--- WORK ITEM ---
Write every entry out again with no changes, and leave the images behind.

--- DATA RECORDS ---

===============

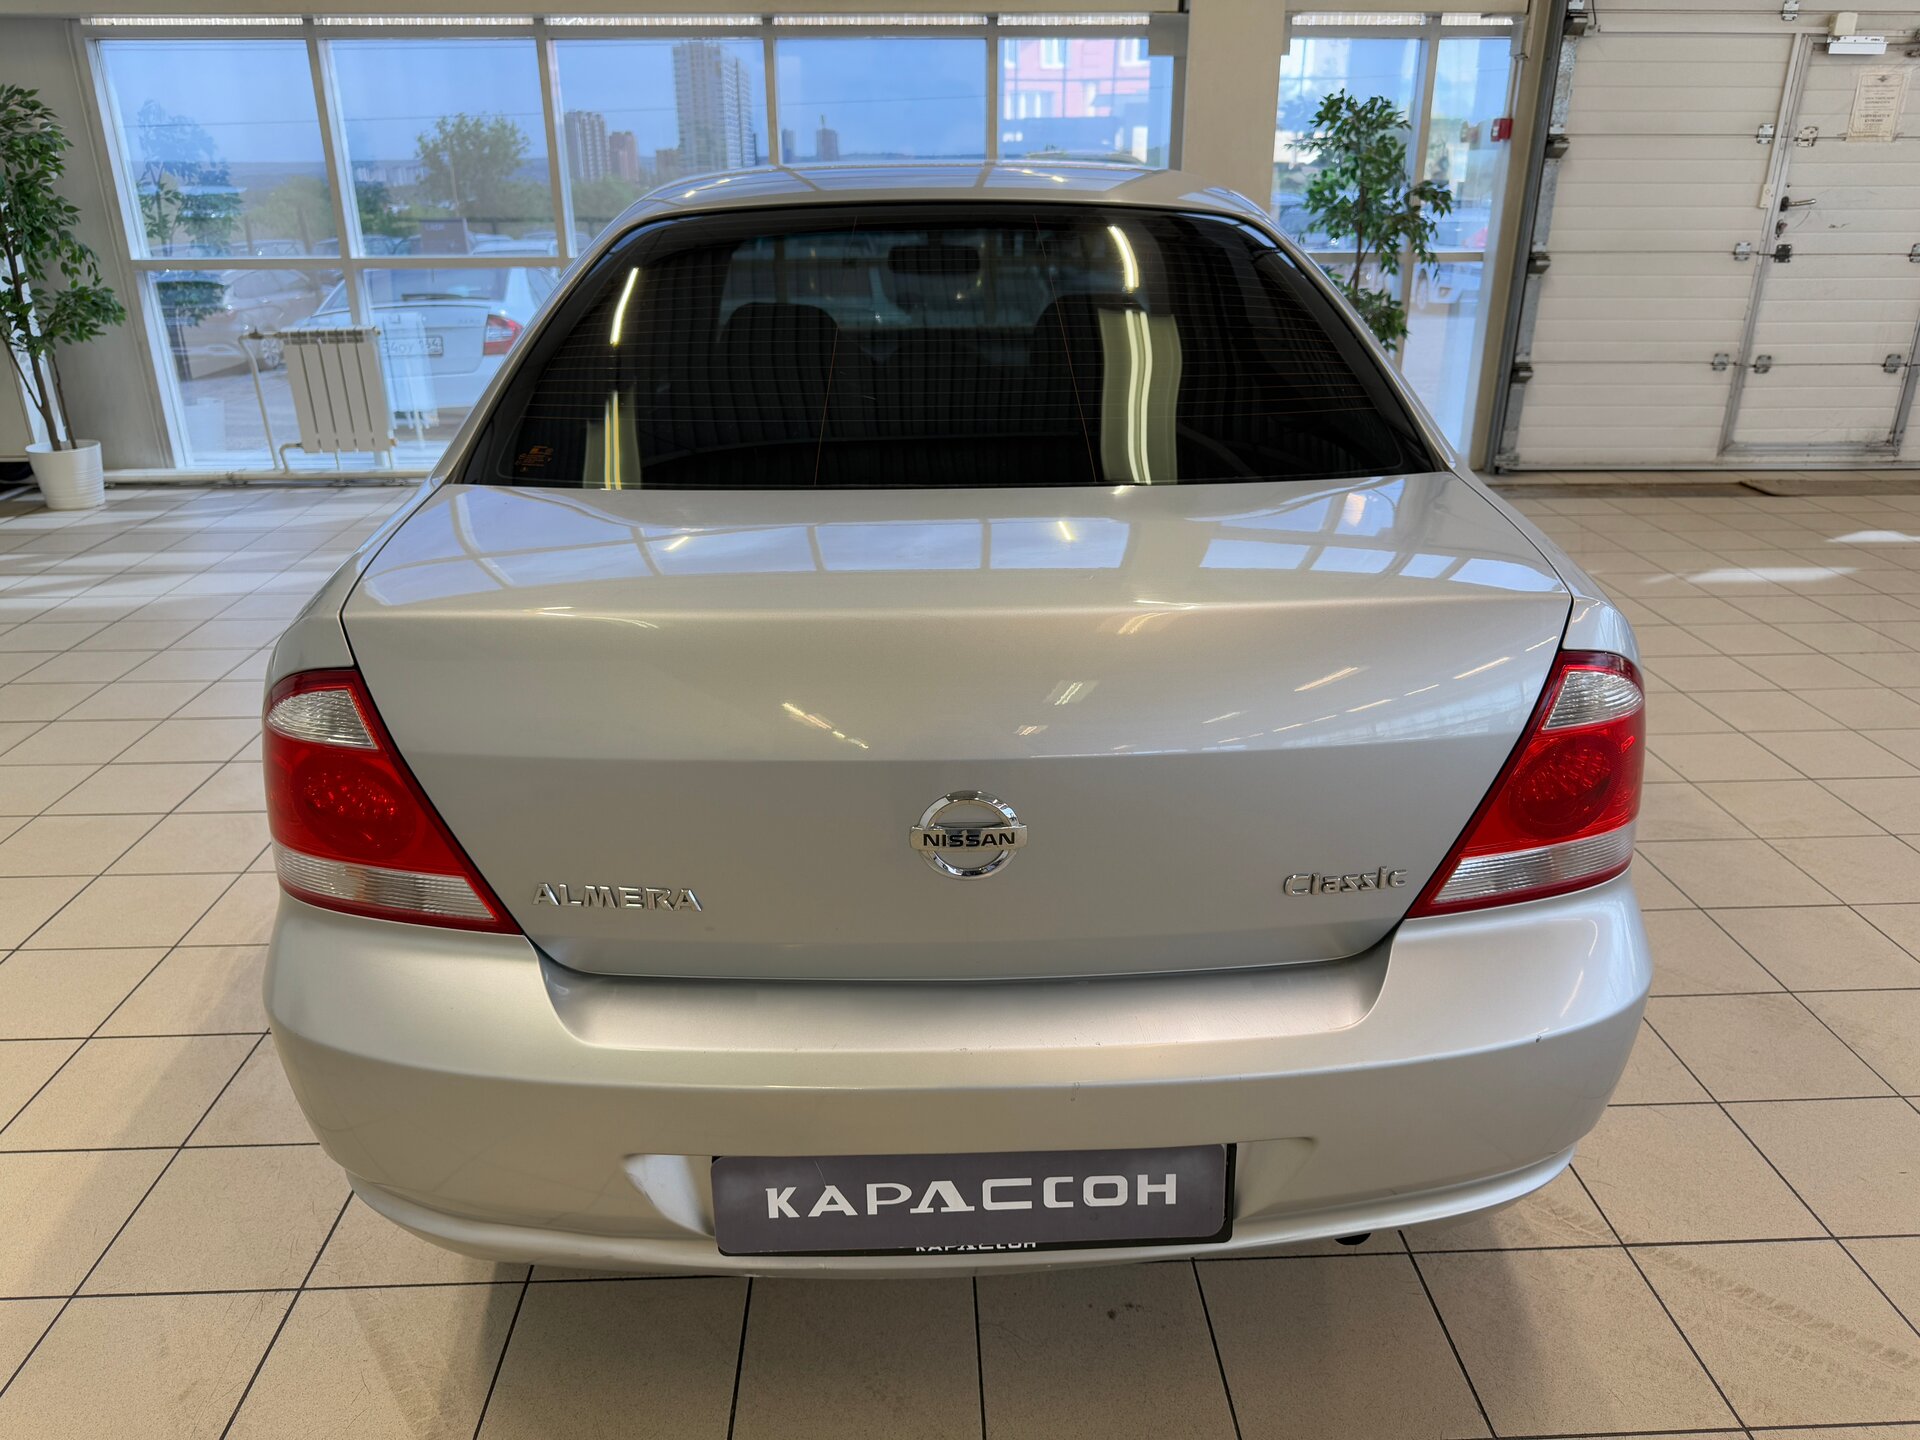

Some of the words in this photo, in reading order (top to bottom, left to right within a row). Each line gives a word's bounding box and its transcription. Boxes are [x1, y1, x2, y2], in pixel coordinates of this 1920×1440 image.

[923, 832, 1015, 847] NISSAN
[1284, 866, 1407, 896] Classic
[532, 882, 702, 912] ALMERA
[765, 1173, 1177, 1219] КАРАССОН
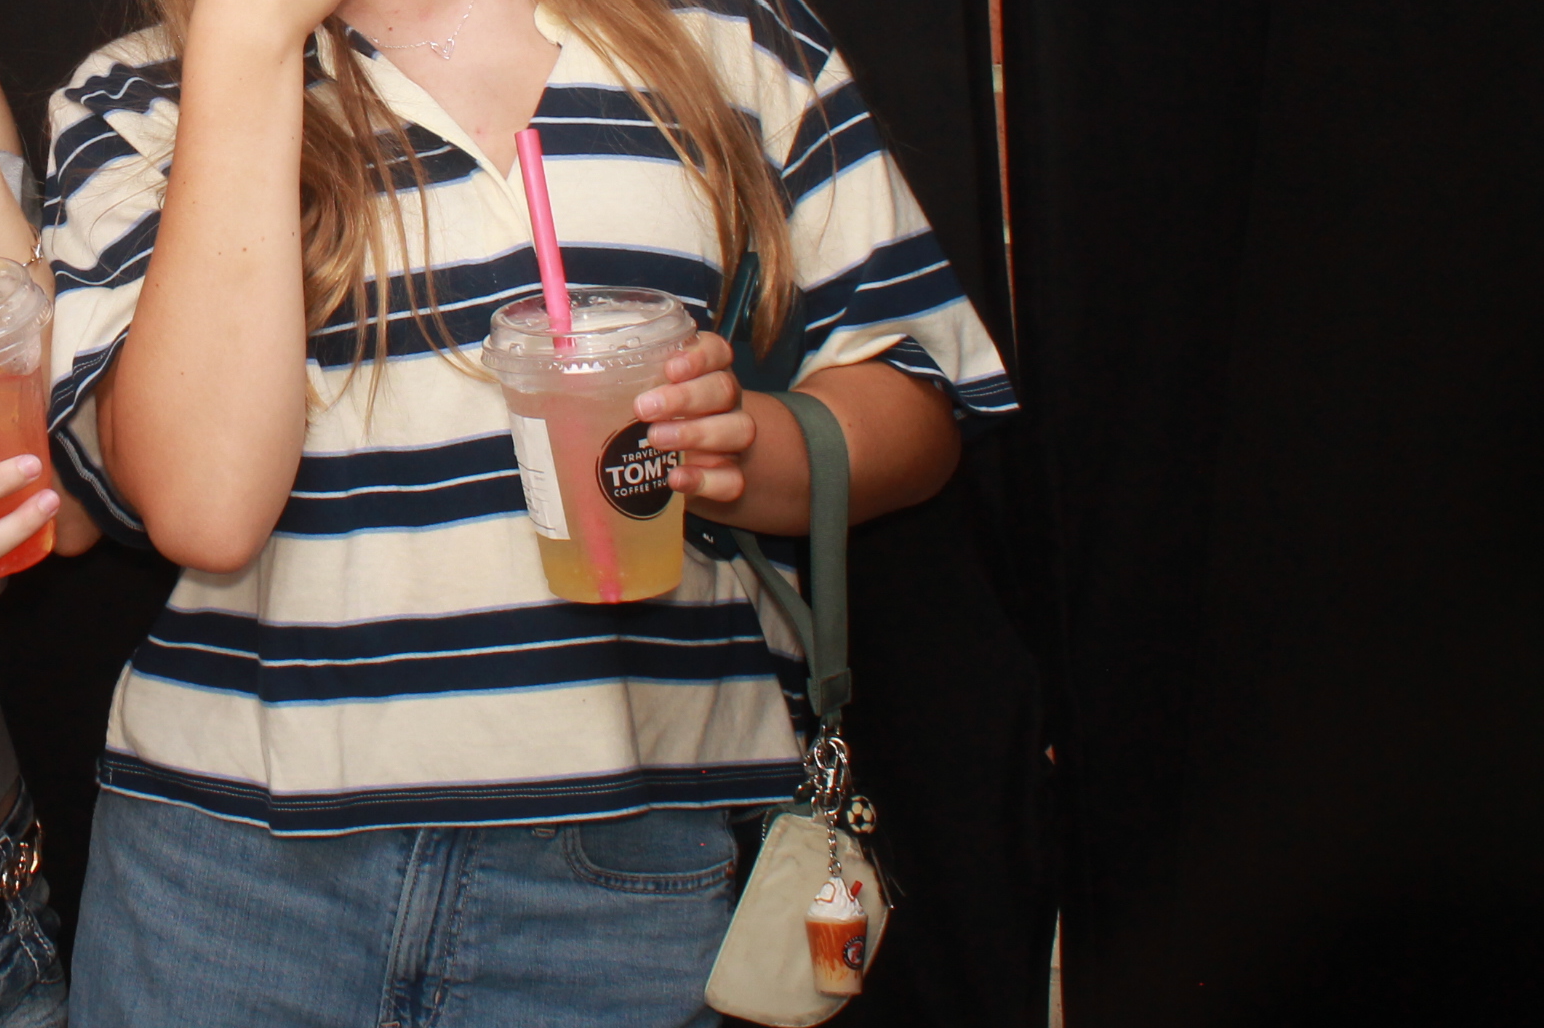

===============

--- ANSWER SECTION ---
Some of the words in this photo, in reading order (top to bottom, left to right within a row). Each line gives a word's bounding box and its transcription. Boxes are [x1, y1, x2, y2], in pixel coordinates of this 1920×1440 image.

[923, 832, 1015, 847] NISSAN
[1284, 866, 1407, 896] Classic
[532, 882, 702, 912] ALMERA
[765, 1173, 1177, 1219] КАРАССОН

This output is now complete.